This
is a guest piece from @Battsby who was one of
the inspirations behind this blog. Read more of his work at "When I'm King"
So
there you are, driving along in your automobile, Chuck Berry appositely
providing a soundtrack to your perfect afternoon. An empty road stretches out
ahead, straight as a die and not a car in sight. Almost a mile in the distance
you see a slouching figure approaching a pedestrian crossing. Obviously he’s
going to look right, look left, look right again and cross in the knowledge
that he has the best part of a minute to negotiate his passage. But no, of
course he doesn’t do that, because the correct etiquette today is to press the
button first, then proceed as outlined above and be well on his meandering way to
buy crack or smack or cigarettes as you slide to a halt at an empty crossing.
My
contempt for these people knows no bounds because not only is it extremely
discourteous, it is a microcosmic example of the lengths people will go to in
order to avoid thinking for themselves, or about others. It may be sheer
ignorance, it may be a sense of entitlement, but whatever it is it needs nipping
in the bud right now. The phenomenon of road related rage is well known, but
today its petrol-fuelled headlessness spreads out across the land like a tin of
toxic, tactless treacle, oozing its way everywhere, never to be fully rid from the
fibres of our society. Getting your kicks on Route Sixty-six is more than likely
to end up with getting your head kicked in, out in the sticks these days.
b
We
used to know how to behave in a crowd, a queue, an audience, but I see little
evidence today of classic British good manners. Children loudly demand instant
gratification and their teenage parents give in immediately, as they’ve been
trained to do, the chocolate-covered little ingrates pressing sticky fingers
everywhere as unembarrassed mothers hand over empty wrappers to be scanned at
the checkout.

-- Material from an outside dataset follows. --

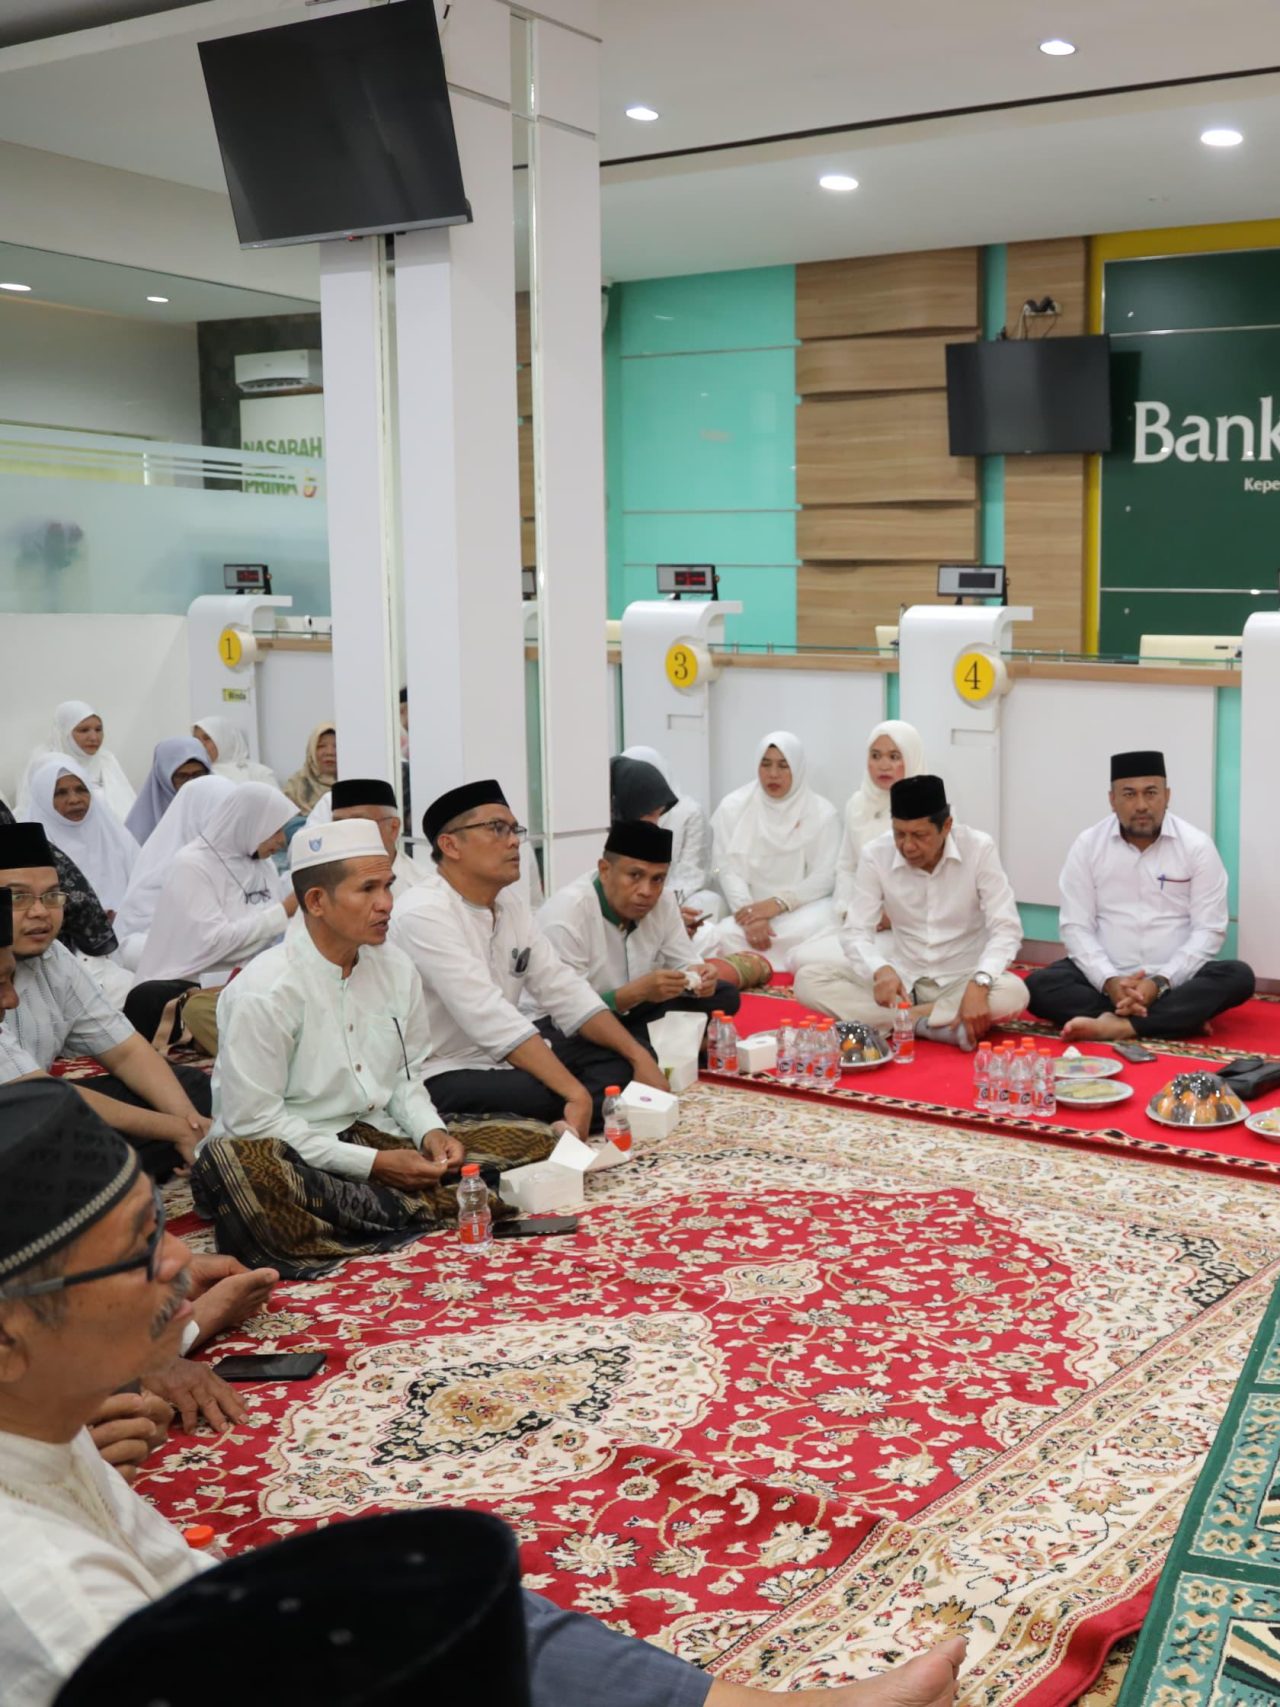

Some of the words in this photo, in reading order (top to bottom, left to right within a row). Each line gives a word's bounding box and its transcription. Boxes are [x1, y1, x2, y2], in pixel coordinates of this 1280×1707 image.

[225, 637, 234, 660] 1
[674, 651, 688, 680] 3
[964, 660, 982, 690] 4

They waddle around, these products of Cool Britannia, with no
particular place to go and bellies bigger than Buster Bloodvessel, constantly grazing
on garbage and leaving a trail of packaging behind them. Woe betide if you have
a low-walled frontage because to them it is just a convenient skip.
Intervene
in any way to correct, protect or prevent a breach of the peace and you will
become a target. Once upon a long ago there was an expression “don’t cheek your
elders”. One two three four - Happy days, five six seven eight - they’ll be
swinging off your garden gate and calling you a pedophile. Then the law will
be called in to ‘protect’ you from the vigilantes and pretty soon you’ll be
hounded out of town. Because the law is on their side; they’ve got rights,
haven’t you heard? All for politely requesting they use the bin provided not
three feet away from where they are busily fouling their own patch.
It
would be depressing enough if such behaviour was recognised as being wrong and
as such was fought against on a variety of fronts but, sadly, at least part of
the problem stems from sheer ignorance of once died-in-the-wool protocols
coupled with an utter disregard for the rights of others.
Justice, Mr B style! |
So,
Come On! That’s Too Much Monkey Business but You Can’t Catch Me, they say. So
maybe it’s time to begin the fight back? Maybe it’s time we returned to a
system where the Bobby on the beat could administer a good old thrashing on the
spot? If Johnny won’t B Goode he can suck my police state Ding-a-Ling
till the Wee Wee Hours… and that’s about as many Chuck Berry songs as I dare
cram into the final paragraph! Be courteous out there.